El partido arrancó mal porque después de los cinco tantos El Rino me ganó un real envido en el primer pica-pica. A la quinta mano ya habían entrado en las buenas. Nos recuperamos con un vale cuatro de César y un envido-envido que le gané de mano a Pablo Papa. Llegaron a 24 porotos contra 22 nuestros y quedaba el último pica-pica.

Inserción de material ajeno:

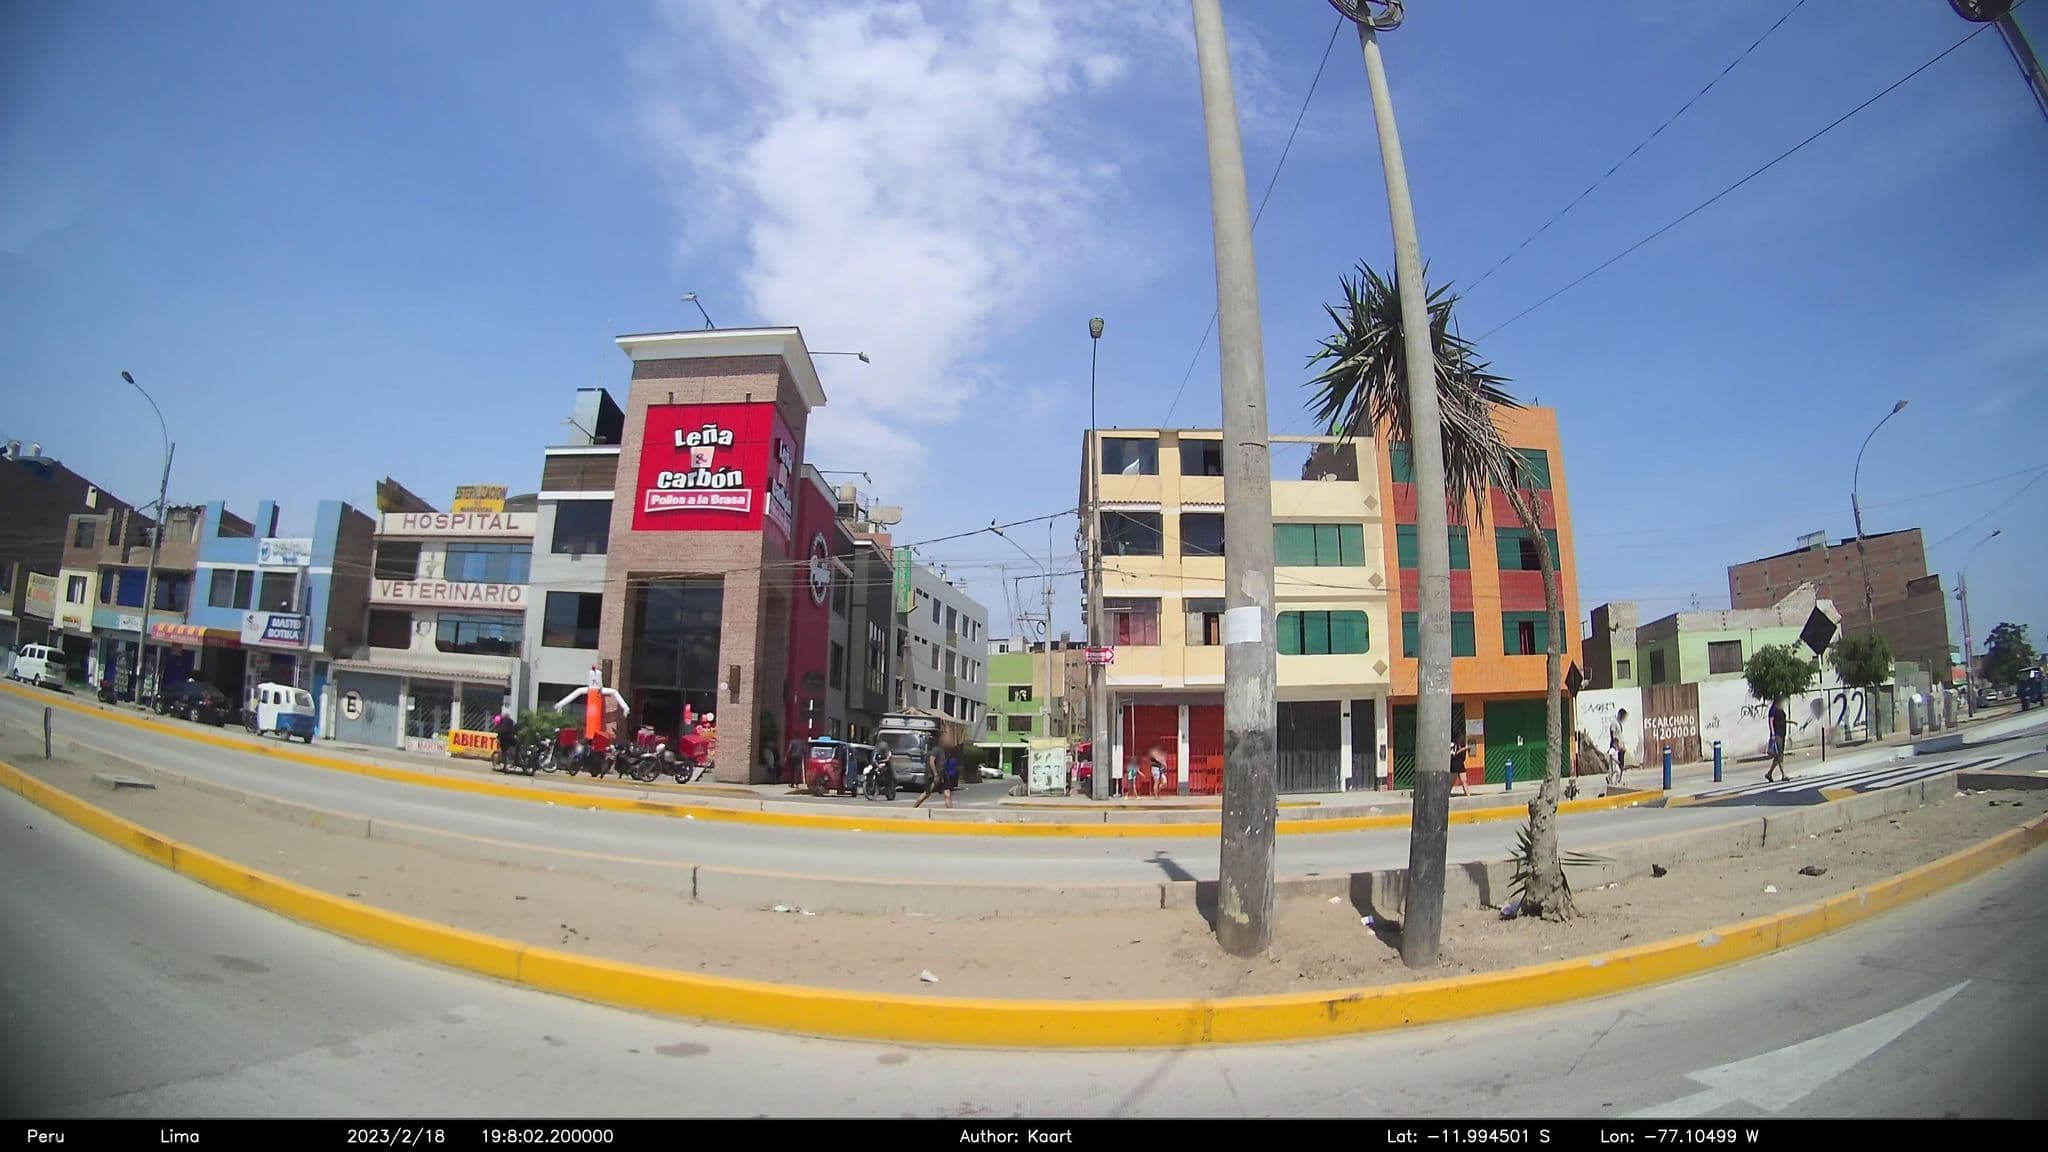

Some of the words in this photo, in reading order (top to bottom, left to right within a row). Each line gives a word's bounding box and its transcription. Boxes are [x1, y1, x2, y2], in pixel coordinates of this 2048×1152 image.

“El útlimo pica-pica”, pensé y me puse triste.
Estábamos ensombrecidos, mudos, mirando la manta a cuadritos para no vernos. Ganamos por dos porotos y después de ese último envidoquierotreintaidossonbuenas nadie pudo evitar las lágrimas.
Lloramos como niños, a los gritos, sobre la manta.
Lloramos todas las lágrimas que nos quedaban y nos separamos para rezar miserias o recordar tiempos felices. Yo me tiré a dormir un rato en la carpa, aunque tuve que llenarme de whisky para poder dormitar entre las puteadas de César y los hachazos del Negro Pacu, que se empeñaba en romper unas bases de cemento que habían quedado de pie entre los árboles quién sabe desde qué año, abandonadas y mohosas.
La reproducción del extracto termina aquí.